ERC - Johan Meyers
Active Wind Farms: Optimization and Control of Atmospheric Energy Extraction in Gigawatt Wind Farms
With the recognition that wind energy will become an important contributor to the world’s energy portfolio, wind farms are expected to cover increasingly large surface areas. Currently, several wind farms with a total capacity of over 1 gigawatt are in planning phase. In the past, engineering of wind farms focused on a bottom-up approach, in which atmospheric wind availability was considered to be fixed by climate and meteorology. However, farms of gigawatt size slow down the Atmospheric Boundary Layer (ABL) as a whole, reducing the availability of wind at turbine hub height. In Denmark’s large off-shore farms, this leads to underperformance of turbines which can reach levels of 40%–50% compared to the same turbine in a lone-standing case.
The major ambition of the ERC grant ActiveWindFarms is to employ optimal control techniques to control the interaction between large wind farms and the atmospheric boundary layer. Individual turbines are used as flow actuators by dynamically pitching their blades using time scales ranging between 10 to 500 seconds. Hence, wind-farms may not only be designed to optimally react to the turbulent atmosphere, but can be employed to actively control the conditions in the atmosphere with the objective to increase power output and reduce costs. The application of such control efforts on the atmospheric boundary layer has never been attempted before, and introduces flow control on a physical scale which is currently unprecedented.

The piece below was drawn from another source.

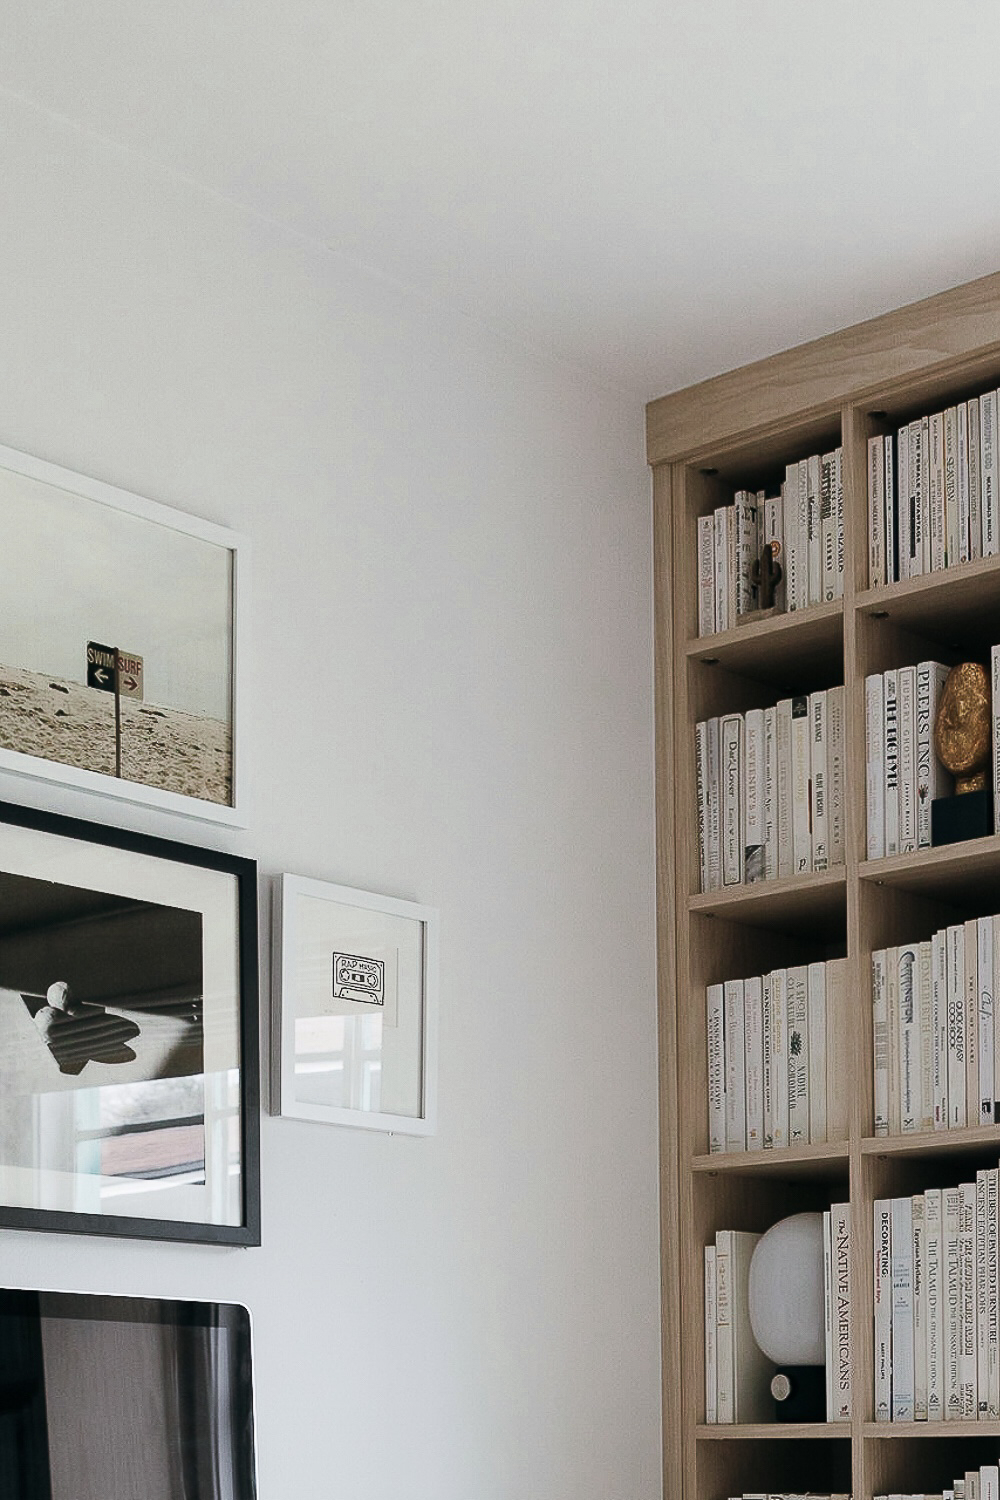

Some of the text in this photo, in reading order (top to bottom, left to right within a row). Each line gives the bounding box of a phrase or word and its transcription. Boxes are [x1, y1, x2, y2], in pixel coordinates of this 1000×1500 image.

To this end, ActiveWindFarms focuses on the development of optimal control techniques that are combined with time-resolved three-dimensional turbulent-flow simulations of wind-farm ABL interaction, and multi-scale turbine models. Simulations are performed on supercomputing platforms. Next to that, one task of the project concentrates on experimental wind-tunnel validation of optimal turbine placement and turbine-control strategies resulting from simulations.